» **Work instructions**
Images don't belong in the copy. Output the rest of the data exactly.

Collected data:
=== Section Start ===

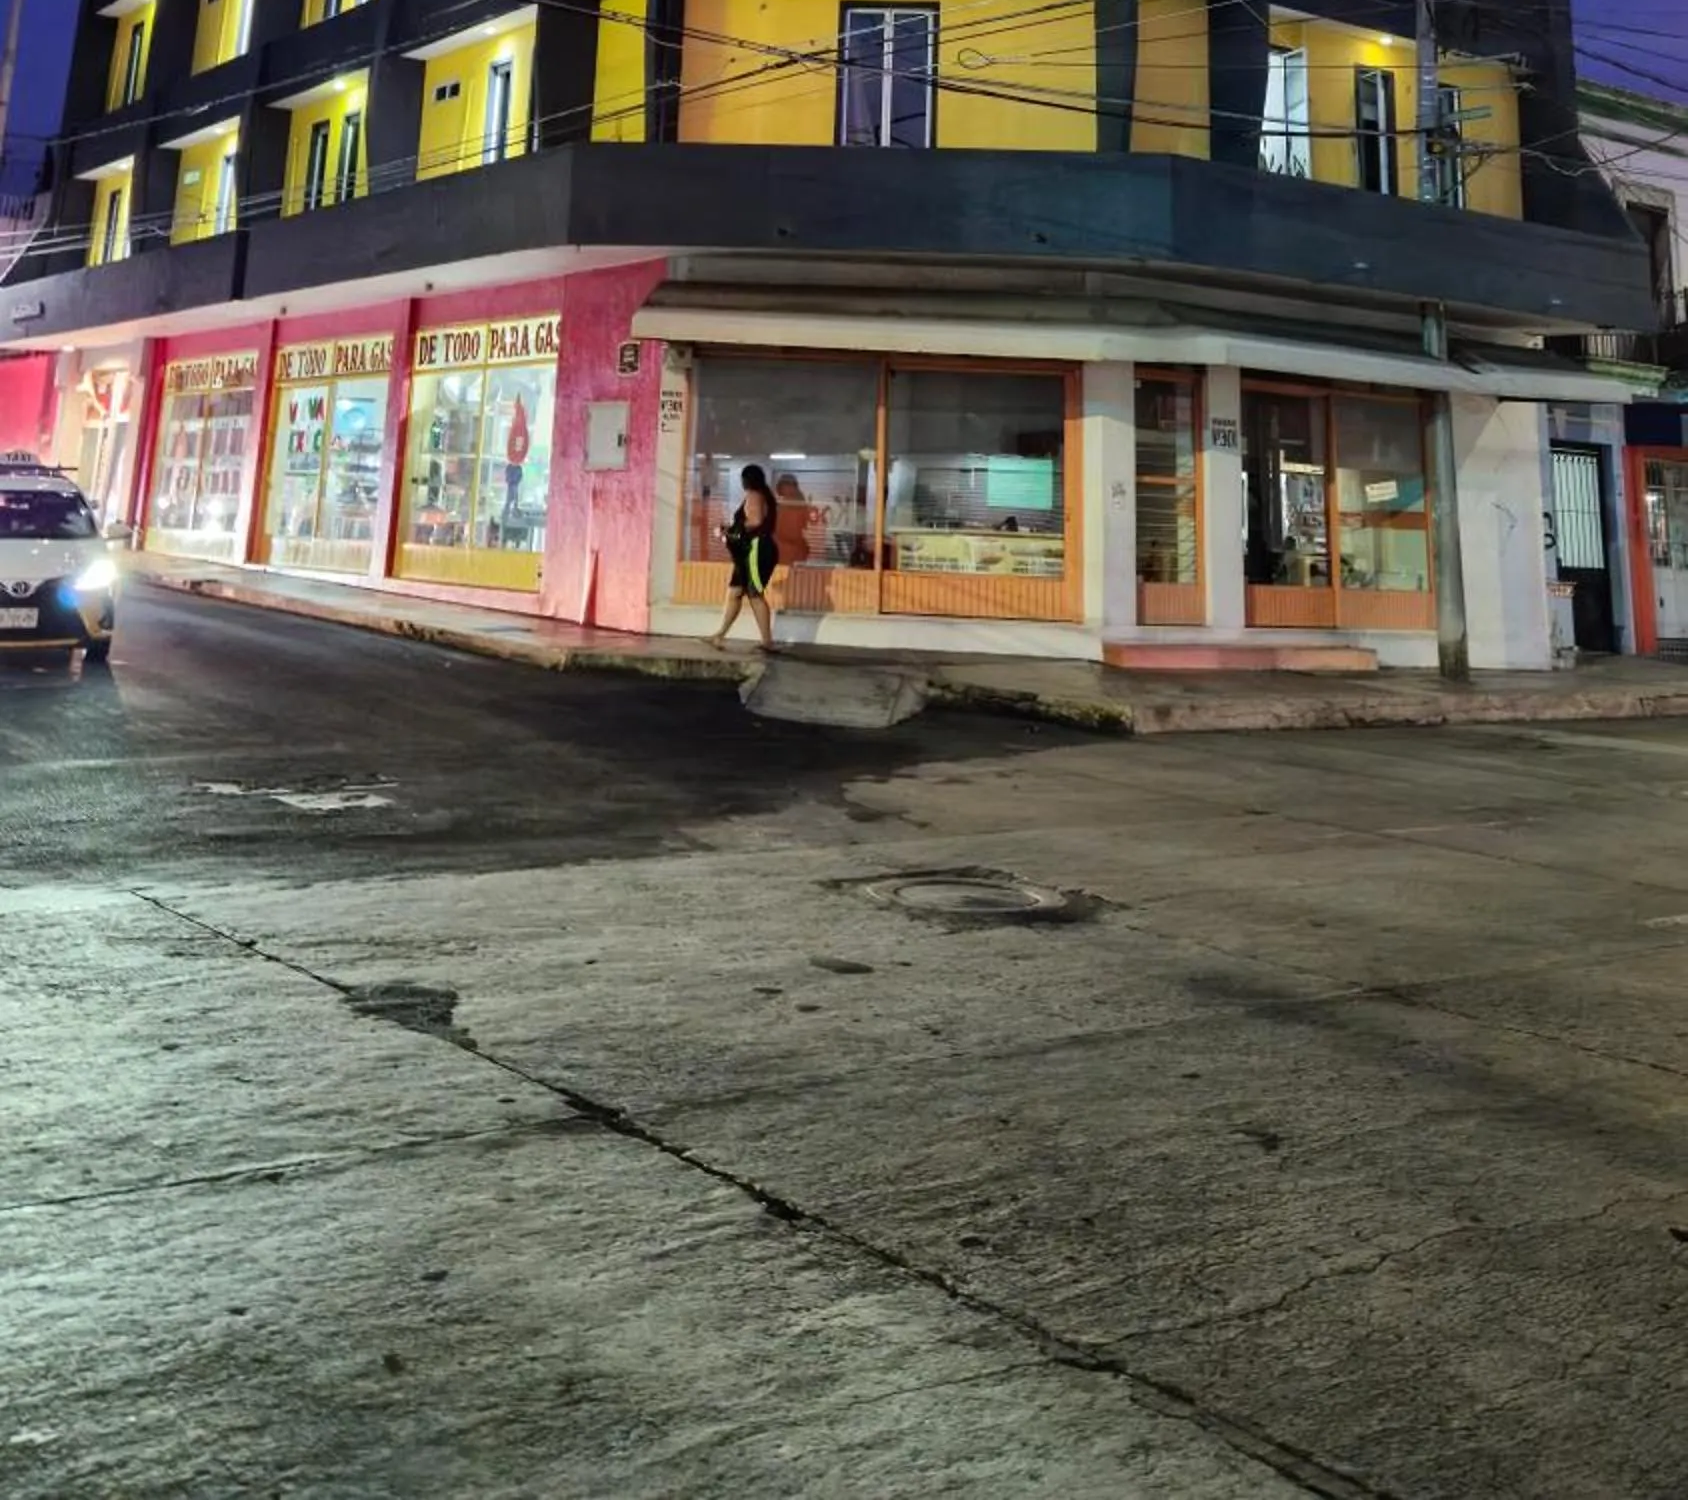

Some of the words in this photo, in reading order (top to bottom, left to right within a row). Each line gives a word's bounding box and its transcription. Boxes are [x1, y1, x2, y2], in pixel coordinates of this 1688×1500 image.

[419, 334, 437, 366] DE
[444, 331, 481, 363] TODO
[489, 324, 530, 359] PARA
[280, 351, 293, 379] DE
[297, 348, 327, 377] TODO
[336, 344, 366, 372] PARA
[289, 396, 325, 425] VVA
[6, 451, 31, 462] TAXI
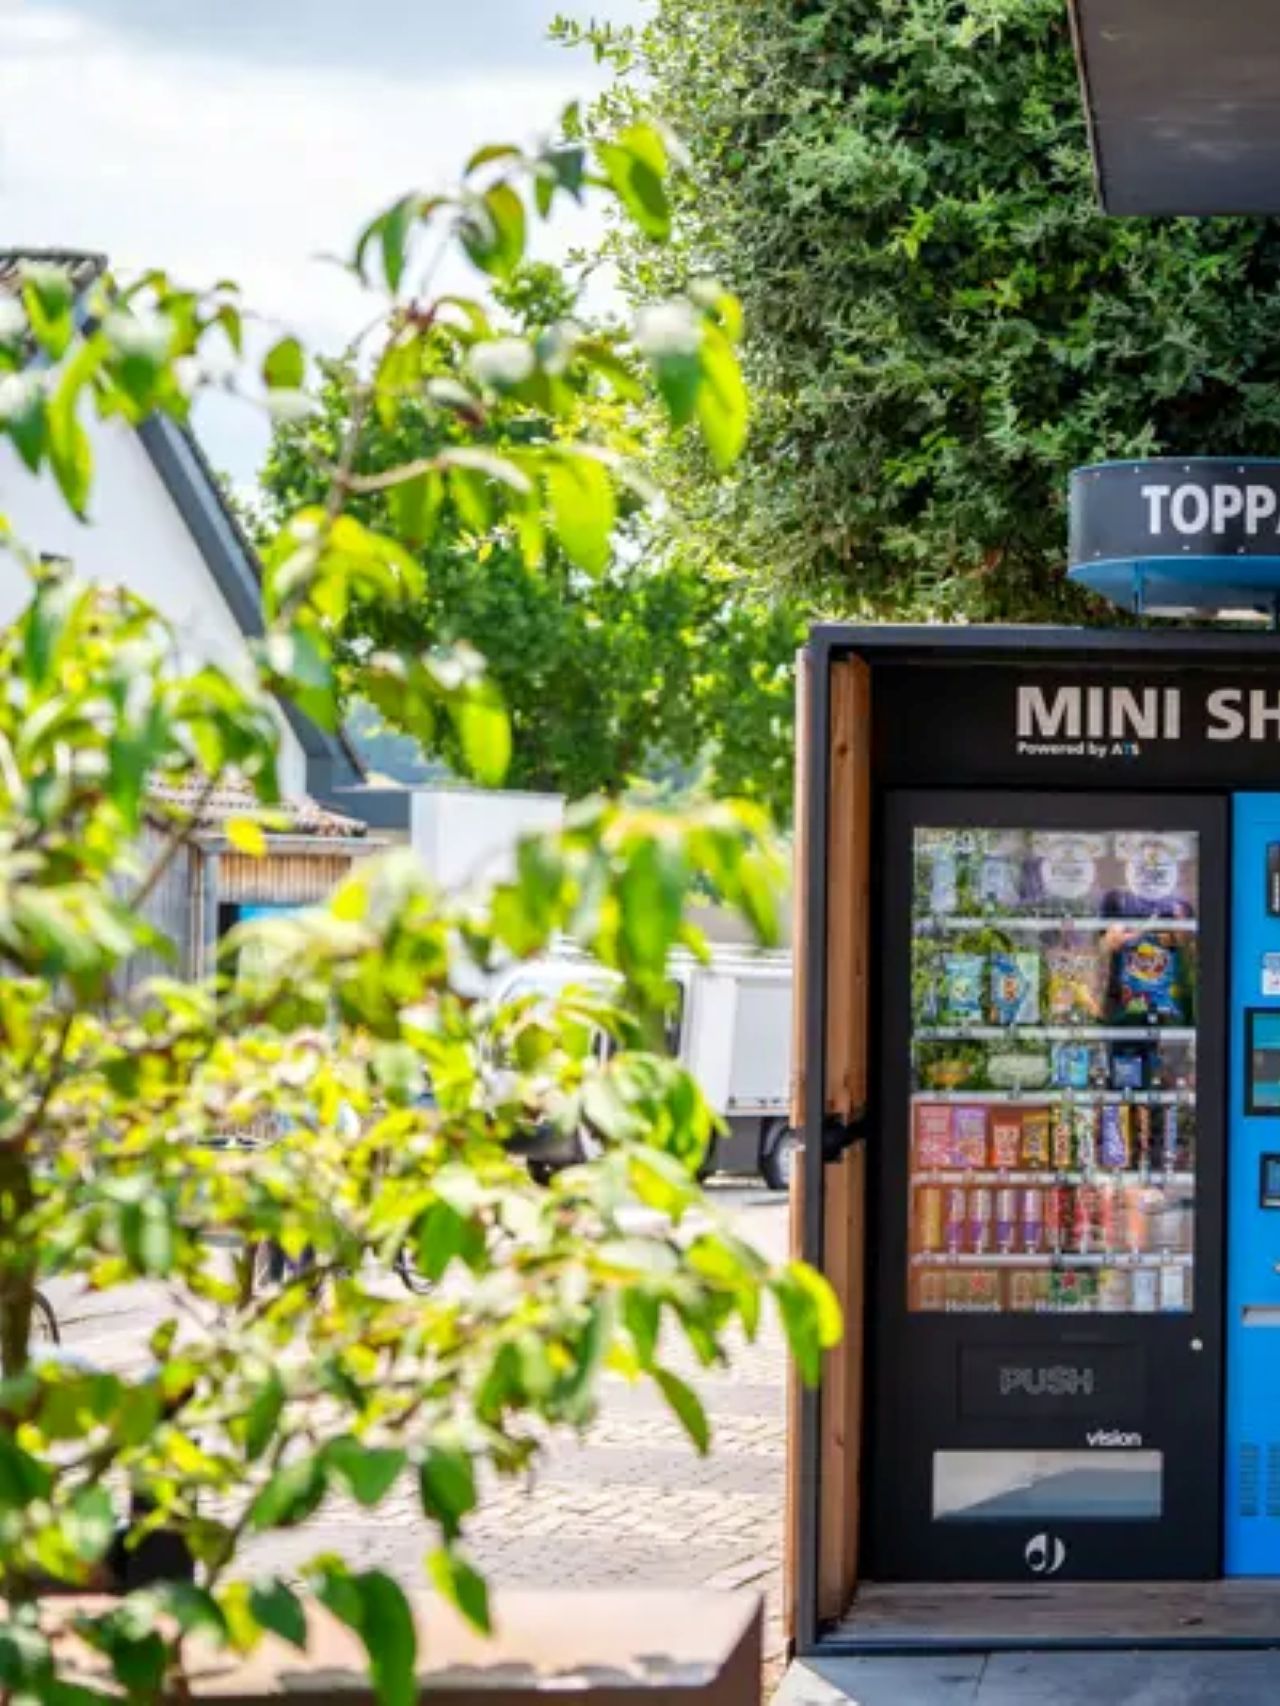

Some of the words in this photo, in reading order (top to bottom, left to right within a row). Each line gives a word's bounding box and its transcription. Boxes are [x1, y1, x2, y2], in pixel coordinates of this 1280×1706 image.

[1017, 686, 1180, 740] MINI
[1017, 741, 1084, 755] Powered
[1089, 741, 1107, 758] by
[1000, 1367, 1094, 1396] PUSH
[1086, 1429, 1142, 1446] vision
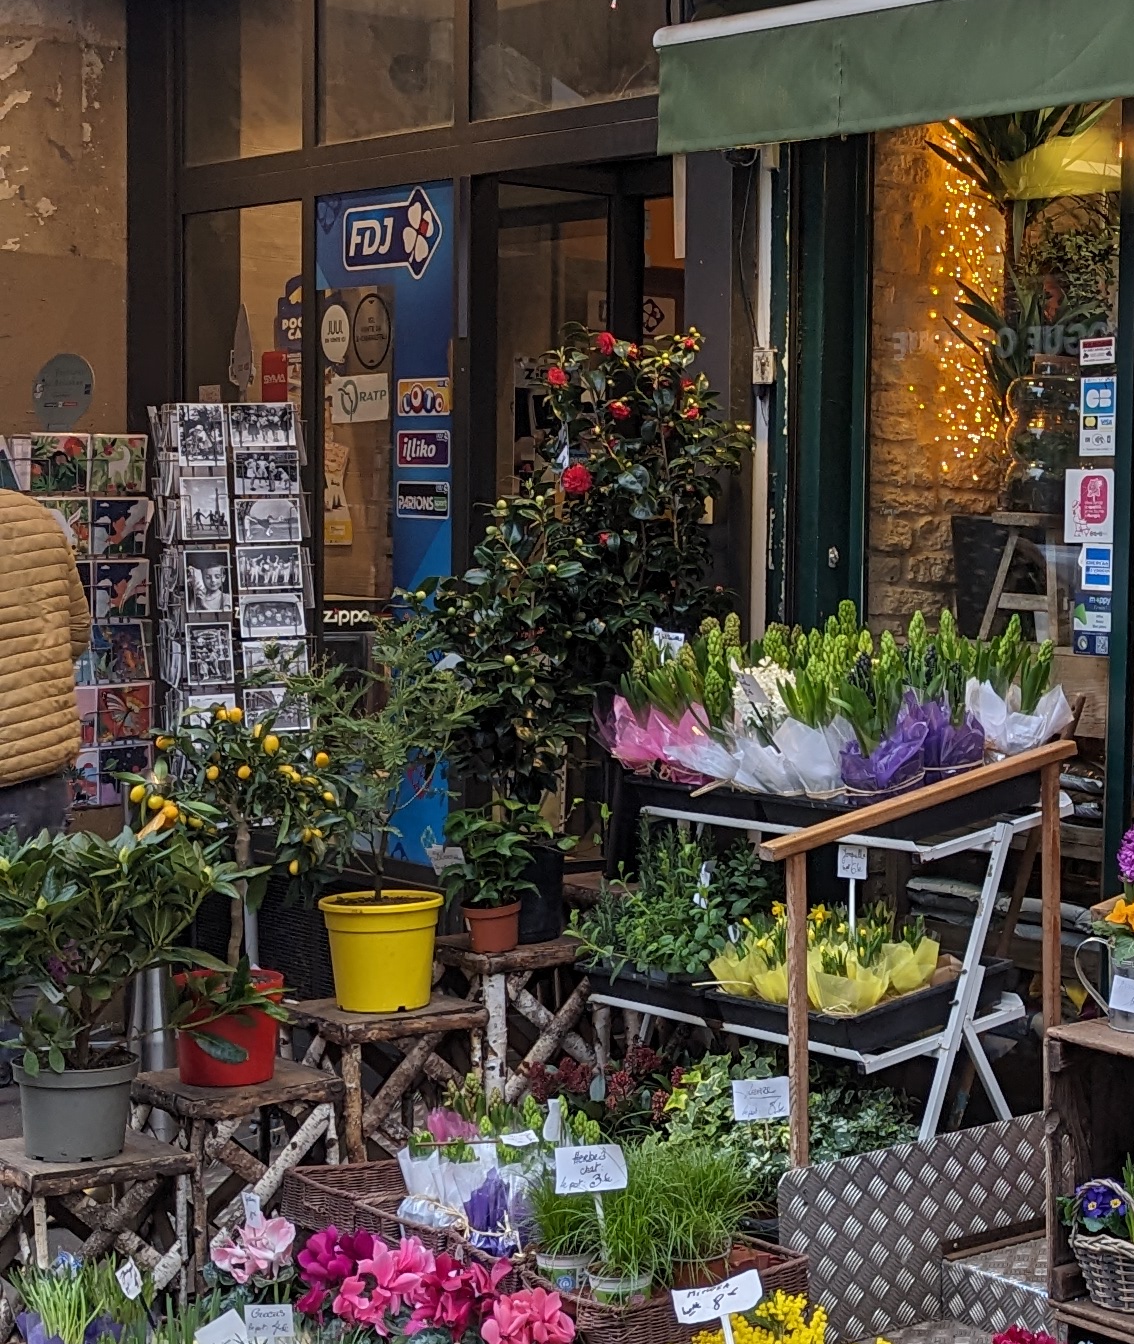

=== Section End ===

» **Expected answer**
Some of the words in this photo, in reading order (top to bottom, left to right within a row). Each line gives a word's bounding box and its transcription. Boxes are [x1, y1, x2, y2], in pixel coordinates of this 1688×1500 image.

[419, 334, 437, 366] DE
[444, 331, 481, 363] TODO
[489, 324, 530, 359] PARA
[280, 351, 293, 379] DE
[297, 348, 327, 377] TODO
[336, 344, 366, 372] PARA
[289, 396, 325, 425] VVA
[6, 451, 31, 462] TAXI

Some of the words in this photo, in reading order (top to bottom, left to right within a row). Each line gives a word's bounding box and its transcription. Boxes are [x1, y1, x2, y2], in pixel coordinates of this 1280×1706 image.

[1017, 686, 1180, 740] MINI
[1017, 741, 1084, 755] Powered
[1089, 741, 1107, 758] by
[1000, 1367, 1094, 1396] PUSH
[1086, 1429, 1142, 1446] vision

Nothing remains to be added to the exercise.